- Activity: Your answer must be an exact copy of the records below, with no pictures in it.

- Dataset:

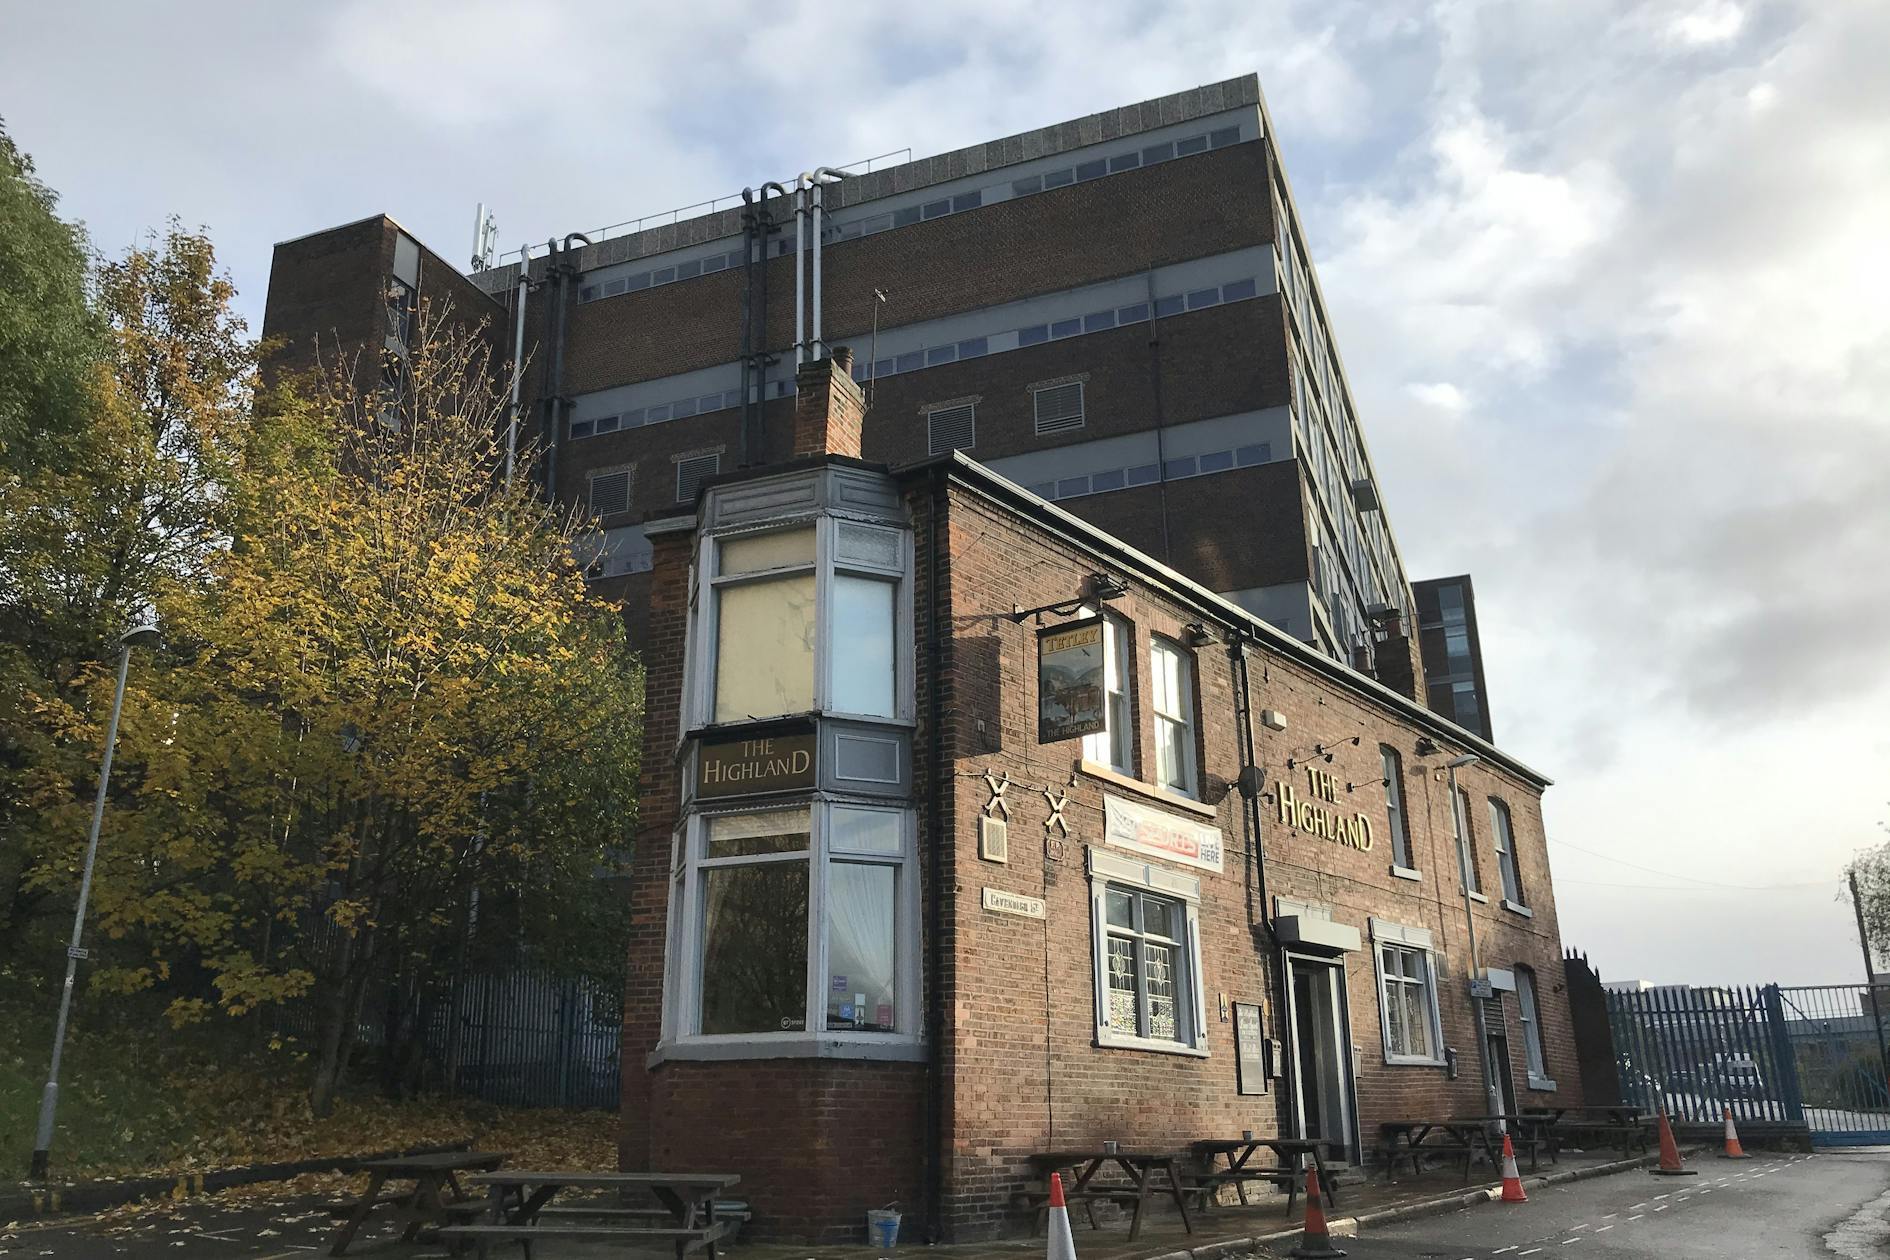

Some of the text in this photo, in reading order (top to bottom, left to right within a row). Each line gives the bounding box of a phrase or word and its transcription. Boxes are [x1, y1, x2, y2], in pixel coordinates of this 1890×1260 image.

[1045, 629, 1099, 652] TETLEY
[1062, 720, 1100, 735] HIGHLAND
[741, 738, 774, 757] THE
[703, 750, 810, 784] HIGHLAND
[1307, 767, 1341, 804] THE
[1277, 781, 1374, 852] HIGHLAND
[1200, 849, 1220, 864] HERE
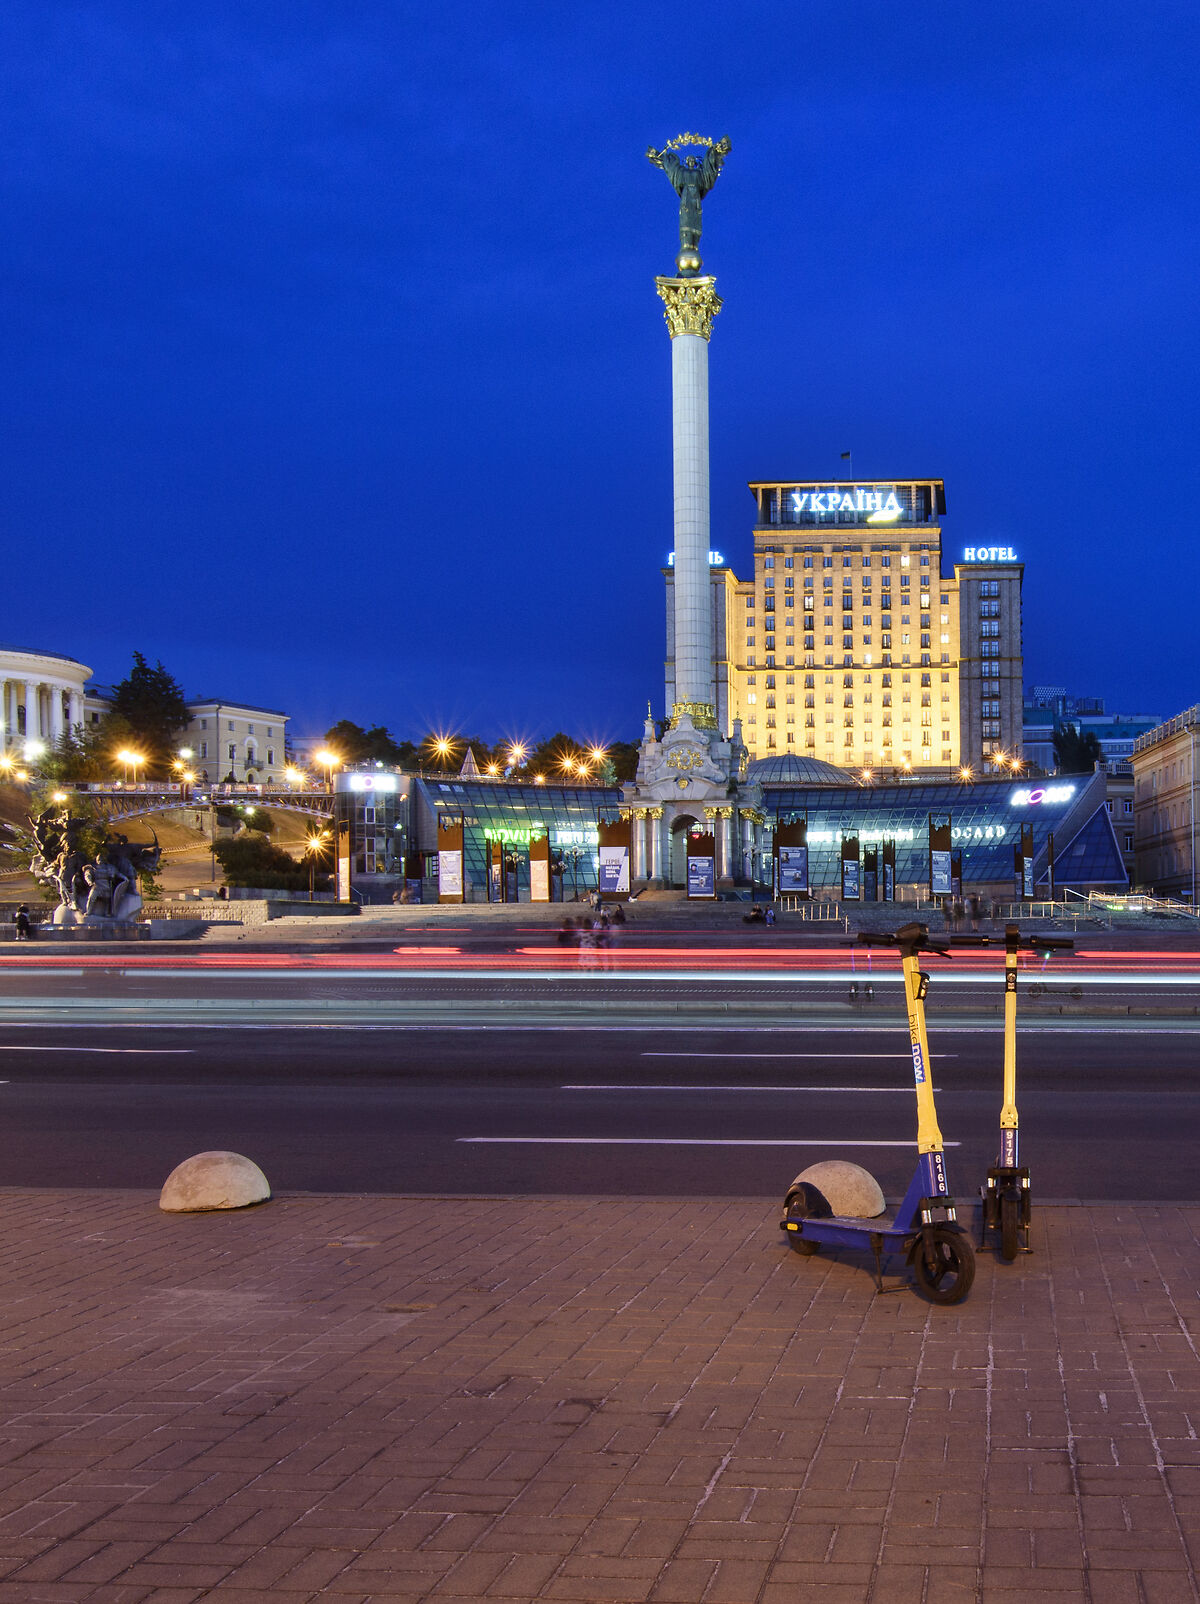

- Solution below:
Some of the text in this photo, in reading order (top to bottom, left to right within a row). Each line gives the bounding box of a phrase or word and its transcription. Boxes are [x1, y1, x2, y2], in pixel coordinates of this 1890×1260 image.

[1045, 629, 1099, 652] TETLEY
[1062, 720, 1100, 735] HIGHLAND
[741, 738, 774, 757] THE
[703, 750, 810, 784] HIGHLAND
[1307, 767, 1341, 804] THE
[1277, 781, 1374, 852] HIGHLAND
[1200, 849, 1220, 864] HERE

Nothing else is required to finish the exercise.